◆ INFORMATION

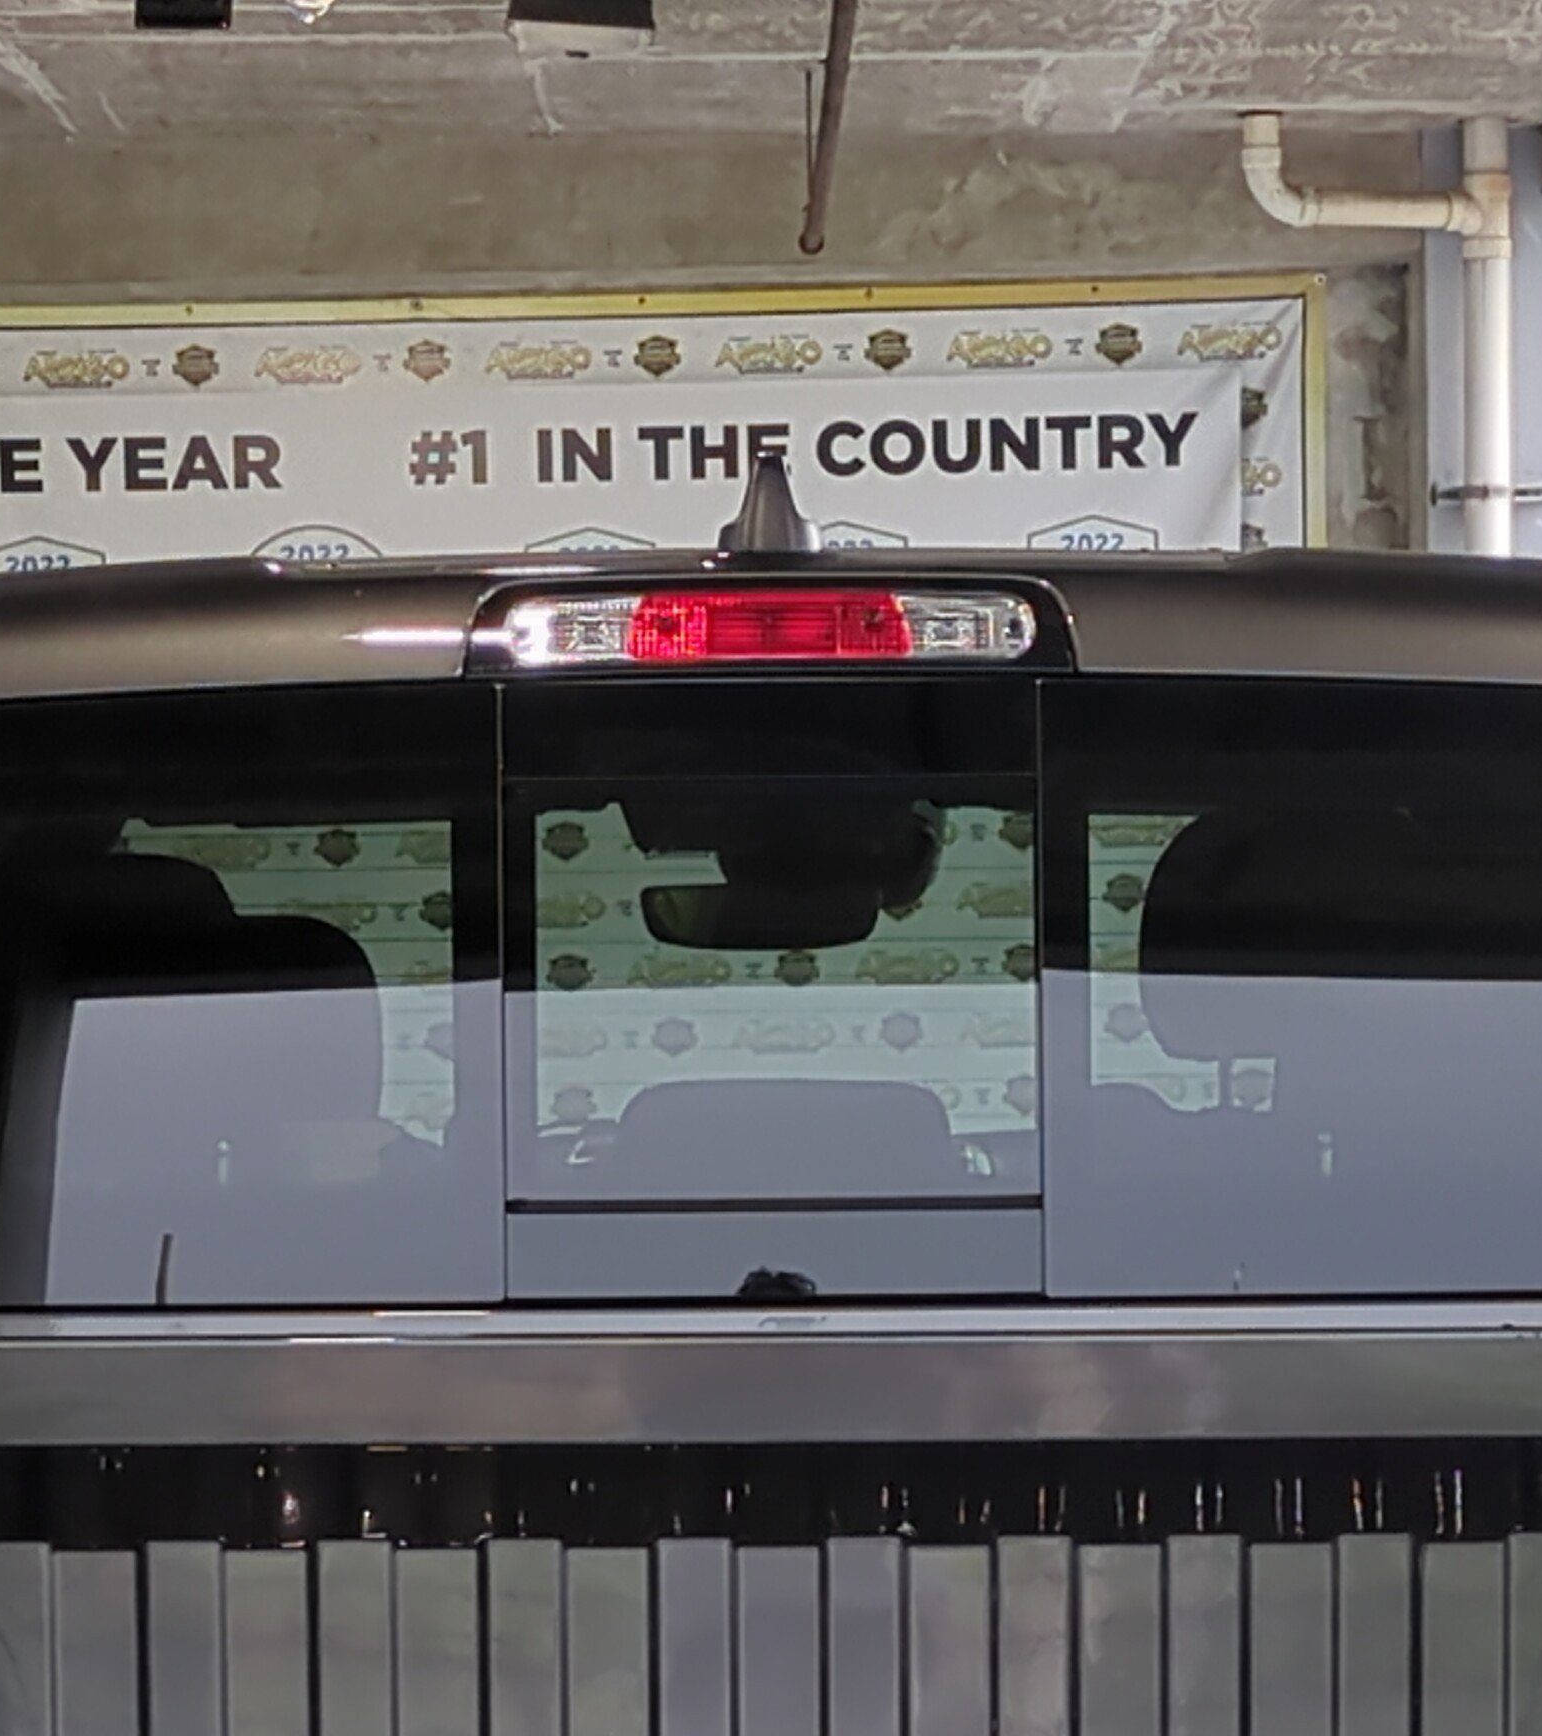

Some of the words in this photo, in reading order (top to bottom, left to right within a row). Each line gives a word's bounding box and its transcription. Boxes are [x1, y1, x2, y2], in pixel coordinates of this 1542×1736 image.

[66, 434, 282, 492] YEAR
[408, 429, 488, 486] #1
[537, 427, 613, 483] IN
[638, 423, 790, 480] THE
[815, 411, 1199, 477] COUNTRY
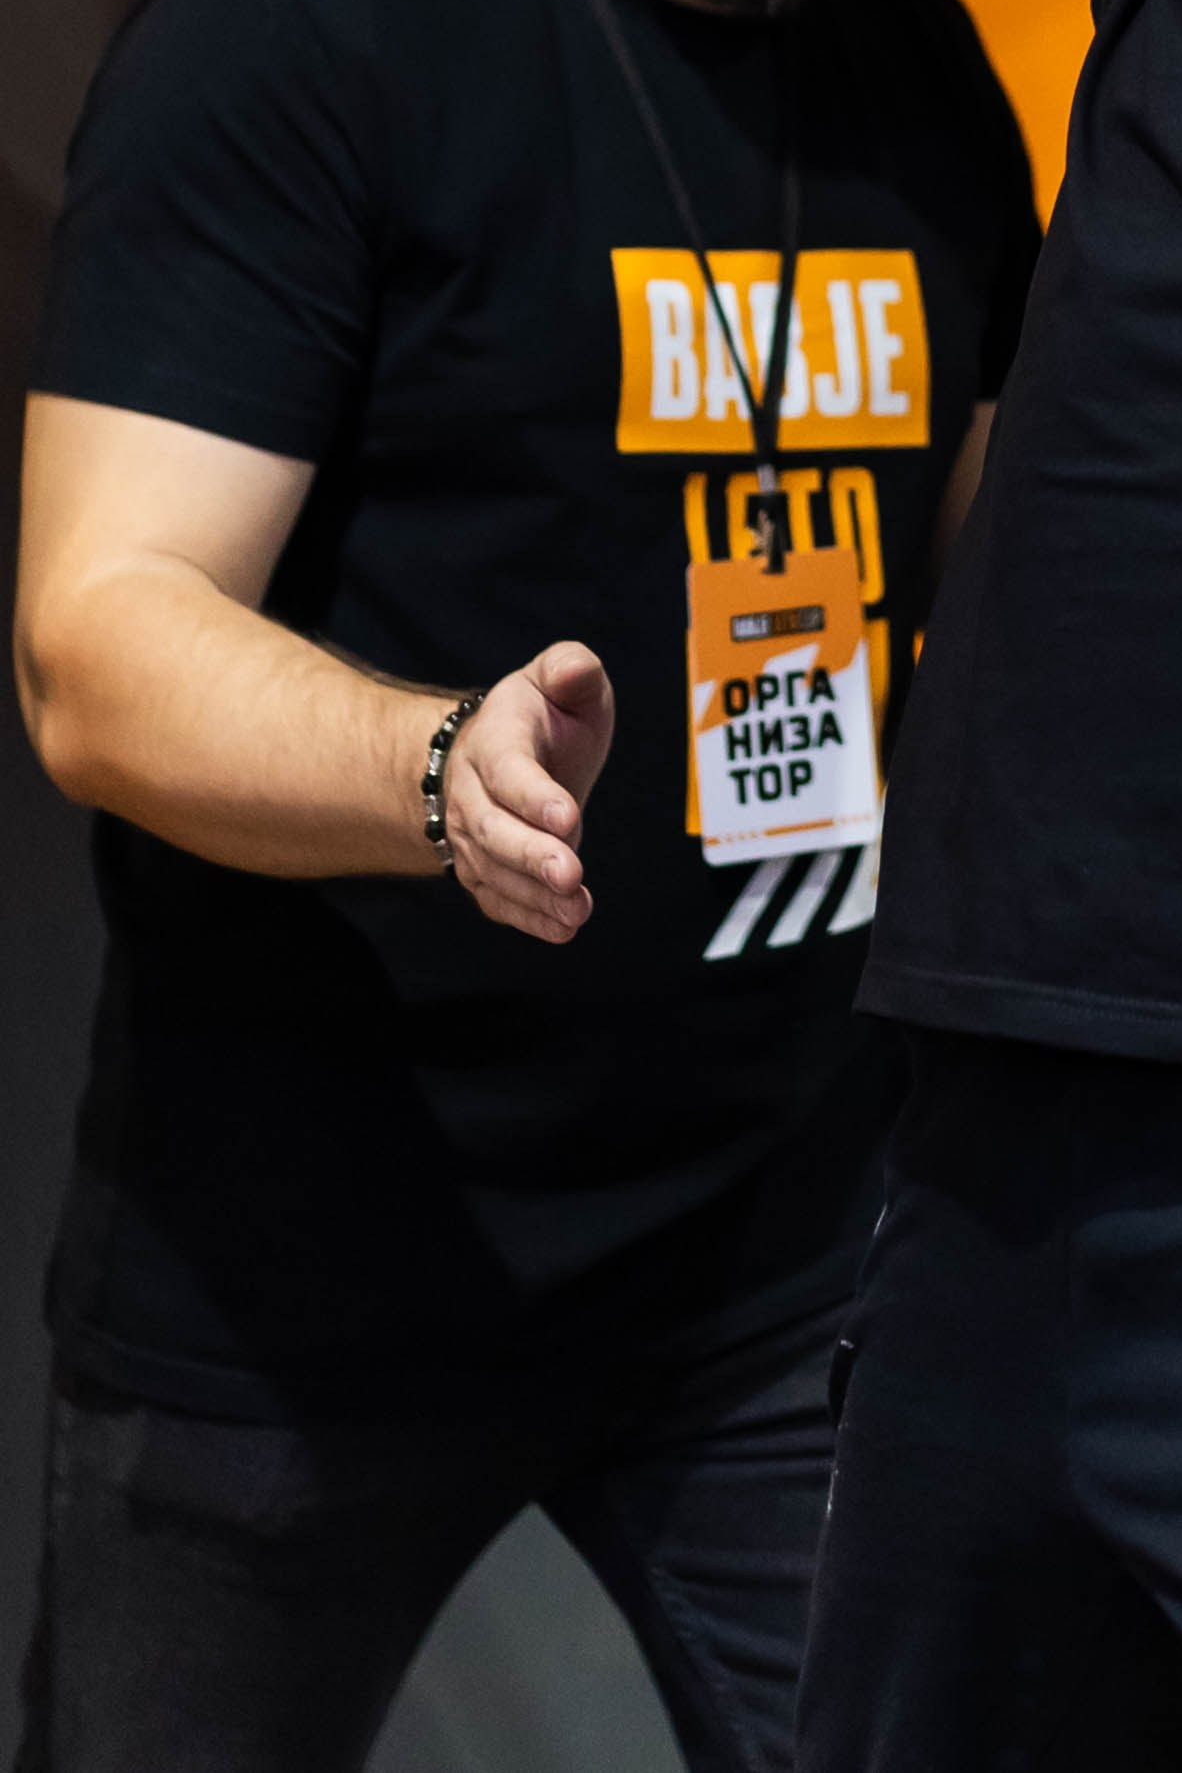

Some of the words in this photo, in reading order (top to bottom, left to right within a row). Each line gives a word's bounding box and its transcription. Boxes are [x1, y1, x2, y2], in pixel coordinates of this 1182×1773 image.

[723, 667, 836, 717] ОРГА
[724, 710, 844, 762] НИЗА
[728, 759, 813, 805] ТОР
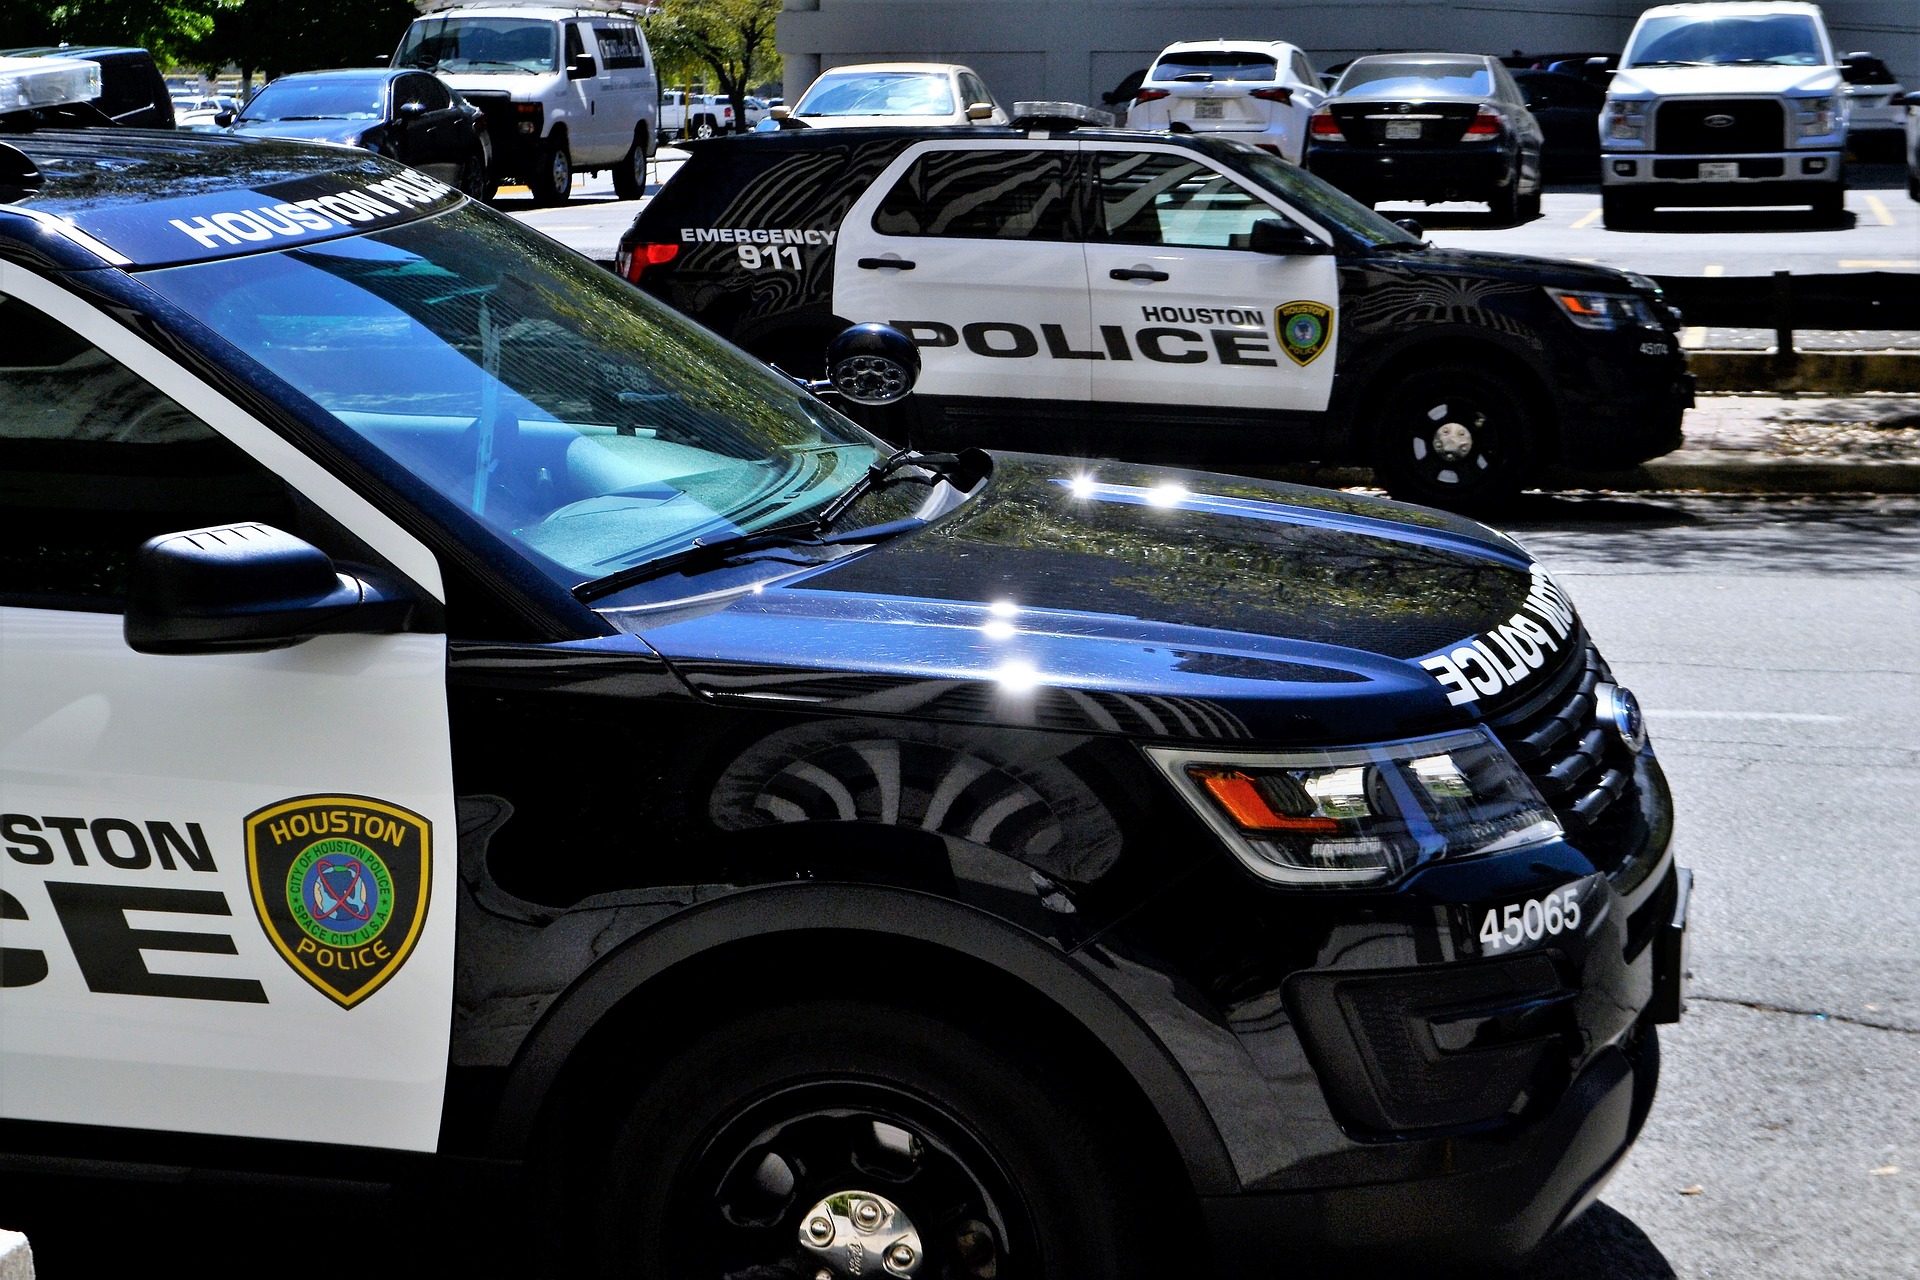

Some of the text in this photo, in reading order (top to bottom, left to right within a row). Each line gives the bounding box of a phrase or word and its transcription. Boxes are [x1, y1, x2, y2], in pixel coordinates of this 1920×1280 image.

[169, 190, 400, 249] HOUSTON
[681, 228, 837, 246] EMERGENCY
[738, 245, 802, 271] 911
[1141, 305, 1266, 327] HOUSTON
[1281, 305, 1327, 318] HOUSTON
[889, 320, 1278, 367] POLICE
[1287, 344, 1319, 356] POLICE
[1419, 613, 1560, 707] POLICE
[0, 813, 218, 873] STON
[269, 810, 406, 848] HOUSTON
[290, 840, 391, 896] CITY OF HOUSTON POLICE
[294, 905, 390, 946] SPACE CITY U.S.A.
[1479, 887, 1581, 949] 45065
[296, 936, 392, 970] POLICE

◆ AIM OF THE EXERCISE
A verbatim retyping of the listing, without any pictures, is the expected answer.

◆ REPLY TO THE EXERCISE
Some of the words in this photo, in reading order (top to bottom, left to right within a row). Each line gives a word's bounding box and its transcription. Boxes are [x1, y1, x2, y2], in pixel coordinates of this 1542×1736 image.

[66, 434, 282, 492] YEAR
[408, 429, 488, 486] #1
[537, 427, 613, 483] IN
[638, 423, 790, 480] THE
[815, 411, 1199, 477] COUNTRY

Some of the words in this photo, in reading order (top to bottom, left to right within a row). Each line gives a word's bounding box and its transcription. Boxes are [x1, y1, x2, y2], in pixel coordinates of this 1182×1773 image.

[723, 667, 836, 717] ОРГА
[724, 710, 844, 762] НИЗА
[728, 759, 813, 805] ТОР

Some of the text in this photo, in reading order (top to bottom, left to right within a row). Each line gives the bounding box of a phrase or word and its transcription. Boxes are [x1, y1, x2, y2], in pixel coordinates of this 1920×1280 image.

[169, 190, 400, 249] HOUSTON
[681, 228, 837, 246] EMERGENCY
[738, 245, 802, 271] 911
[1141, 305, 1266, 327] HOUSTON
[1281, 305, 1327, 318] HOUSTON
[889, 320, 1278, 367] POLICE
[1287, 344, 1319, 356] POLICE
[1419, 613, 1560, 707] POLICE
[0, 813, 218, 873] STON
[269, 810, 406, 848] HOUSTON
[290, 840, 391, 896] CITY OF HOUSTON POLICE
[294, 905, 390, 946] SPACE CITY U.S.A.
[1479, 887, 1581, 949] 45065
[296, 936, 392, 970] POLICE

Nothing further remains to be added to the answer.